After 2020 was the bloodiest year since the signing of Colombia’s peace agreement, with 309 social activists and 64 former guerrillas murdered during the twelve months, according to the human rights organisation INDEPAZ, the violence has continued into 2021.
On the first day of the year, two members of the FECODE teachers union, the largest trade union in the country, were killed in separate attacks. In the first case, Gerardo León was murdered in Puerto Gaitán, department of Meta, alongside 16-year-old Esneider Amaya León. The attack took place in the Sikuani indigenous community of El Tigre.
The second incident saw Diego Betancourt Higuera killed in Yopal, department of Casanare. Diego was a primary teacher at the college El Triunfo Tacarimena, where the attack reportedly was carried out.
The two latest cases come just days after yet another teacher was killed. On 27 December, teacher and human rights defender Luis Alberto Anay Ruiz was found murdered in Tumaco, Nariño. He had been missing since going fishing five days earlier. Luis organised education programmes for children in rural communities.

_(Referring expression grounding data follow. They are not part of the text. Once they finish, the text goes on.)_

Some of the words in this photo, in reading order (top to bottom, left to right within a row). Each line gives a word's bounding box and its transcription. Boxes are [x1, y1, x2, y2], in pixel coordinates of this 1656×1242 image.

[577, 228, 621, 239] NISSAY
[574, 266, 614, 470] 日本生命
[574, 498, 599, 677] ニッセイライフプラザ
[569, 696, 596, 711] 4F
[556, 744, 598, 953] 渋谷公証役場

Trade unionists continue to be violently targeted in Colombia, with teachers particularly affected. The international trade union Education Internationa, which represents more than 400 unions in 170 countries, recently adopted a resolution condemning violence against teachers in Colombia and holding the government accountable for the insecurity.
A number of politicians in President Iván Duque’s Democratic Centre party have verbally attacked teachers in public. In a letter to the British and Irish embassies in Colombia, Unite the Union said ‘we condemn in absolute terms these reprehensible actions and call on President Duque to publicly reject the dangerous discourse being promoted by sections of his party.’
Following the murders in November of two FECODE members, Byron Revelo Insuasty and Douglas Cortés Mosquera, the northern division of the Irish National Teachers Organisation (INTO) wrote to British foreign secretary Dominic Raab over the situation facing trade unionists in Colombia. ‘The INTO strongly condemns these barbaric murders and we pay tribute to the values these brave men stood for – showing the courage to stand up for their nation’s failing public education system in the face of extreme adversity, intimidation, threats and violence, which ultimately resulted in these tragic, heinous killings’, said the INTO letter.
Earlier in November, the NASUWT teachers union wrote to Britain’s Minister for the Americas, Wendy Morton MP, over threats sent to members of FECODE’s executive committee and to the president of the CUT trade union confederation, Diogenes Orjuela. ‘The NASUWT believes the Colombian government is responsible for ensuring the safety and the physical integrity of all members of the FECODE executive committee,’ the union said.
At least 30 teachers were killed between the start of 2018 and the end of 2020 in Colombia. The new year has continued that horrifying trend.